Spatial localization data:
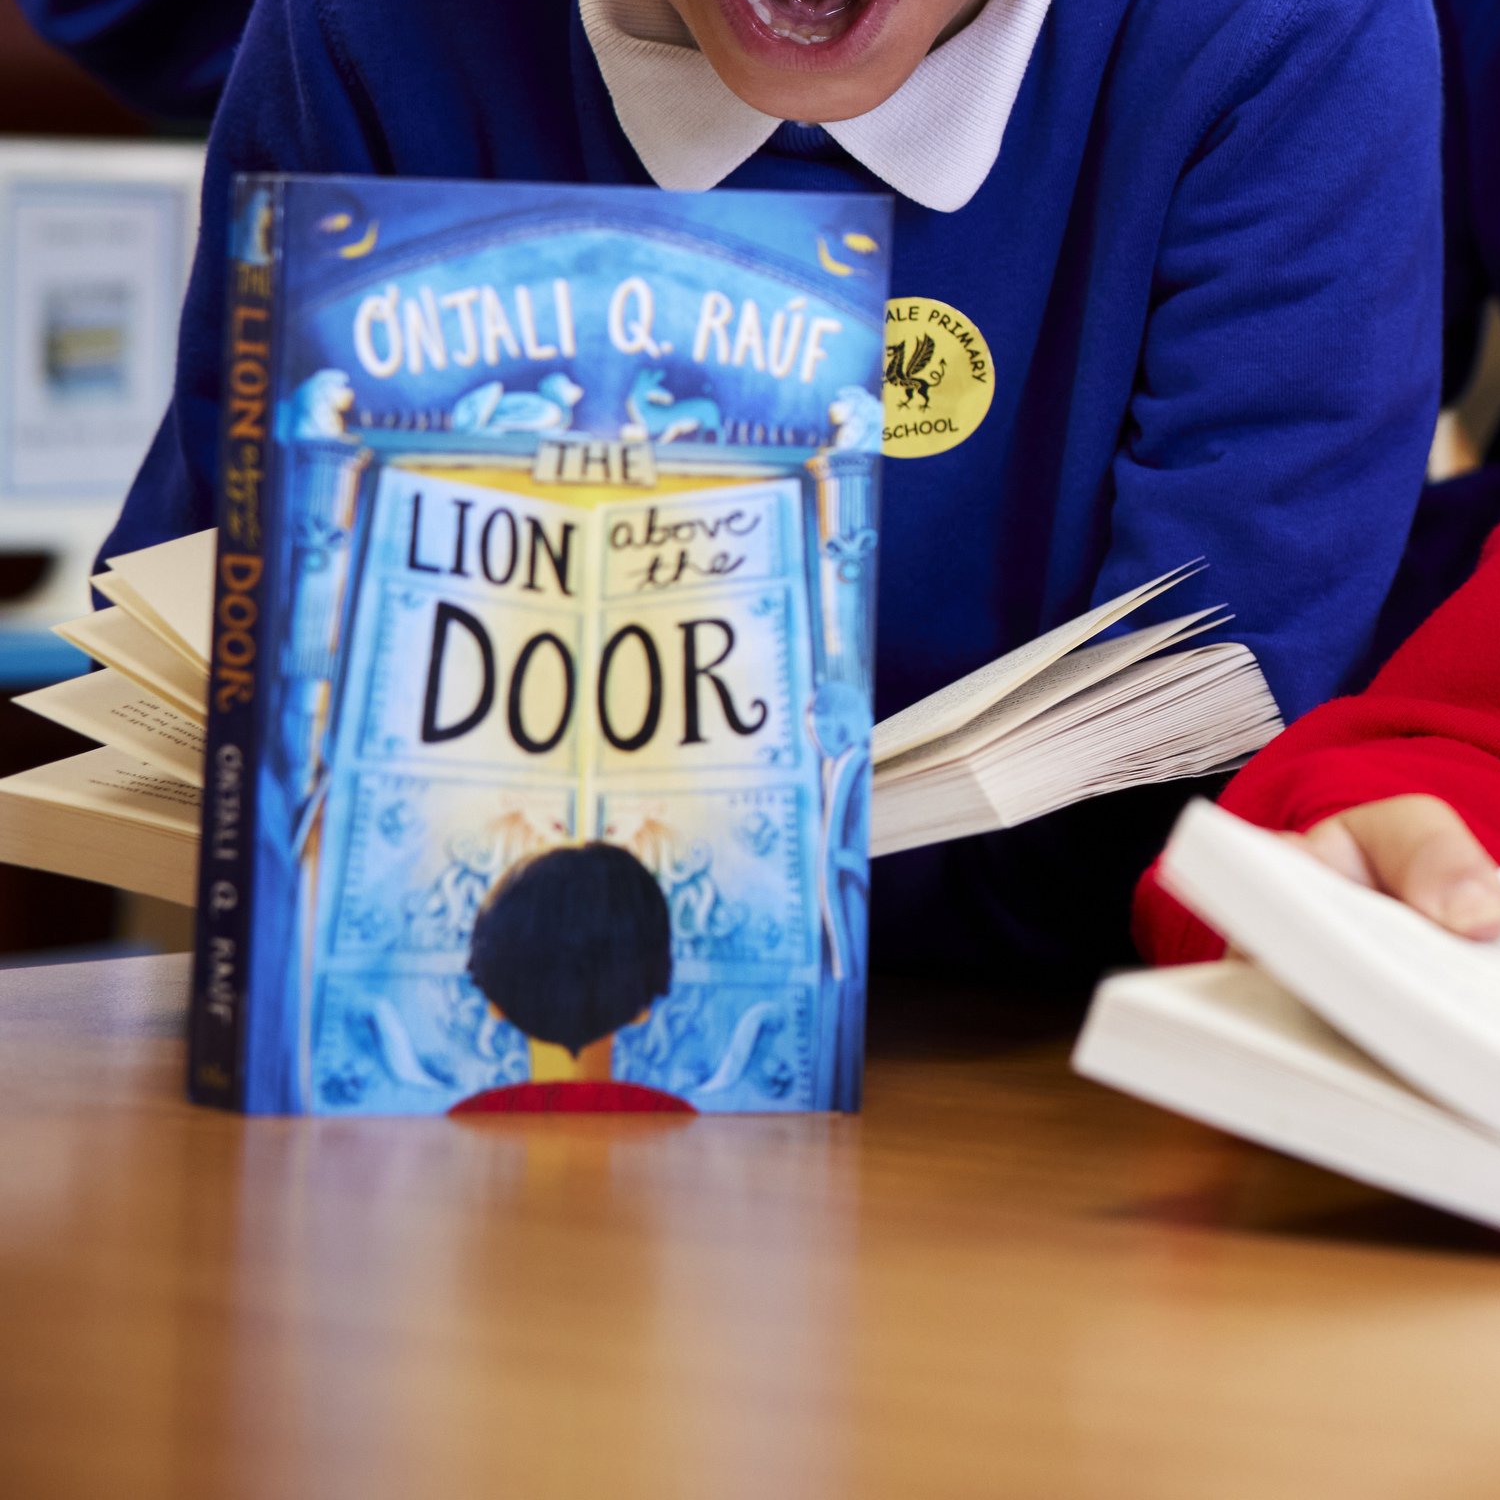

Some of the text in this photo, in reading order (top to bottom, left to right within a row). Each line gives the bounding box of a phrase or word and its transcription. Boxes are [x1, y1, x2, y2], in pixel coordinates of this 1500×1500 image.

[606, 275, 674, 359] Q.
[885, 305, 987, 384] ALE PRIMARY
[228, 306, 270, 439] LION
[539, 441, 644, 485] THE
[882, 417, 959, 442] SCHOOL
[406, 491, 763, 596] LION above
[622, 549, 746, 591] the
[216, 552, 263, 714] DOOR
[420, 600, 768, 755] DOOR

### What is expected
The response should repeat every entry above exactly and include none of the pictures.

### Result for this exercise
Some of the text in this photo, in reading order (top to bottom, left to right within a row). Each line gives the bounding box of a phrase or word and its transcription. Boxes are [x1, y1, x2, y2], in pixel coordinates of this 1500×1500 image.

[606, 275, 674, 359] Q.
[885, 305, 987, 384] ALE PRIMARY
[228, 306, 270, 439] LION
[539, 441, 644, 485] THE
[882, 417, 959, 442] SCHOOL
[406, 491, 763, 596] LION above
[622, 549, 746, 591] the
[216, 552, 263, 714] DOOR
[420, 600, 768, 755] DOOR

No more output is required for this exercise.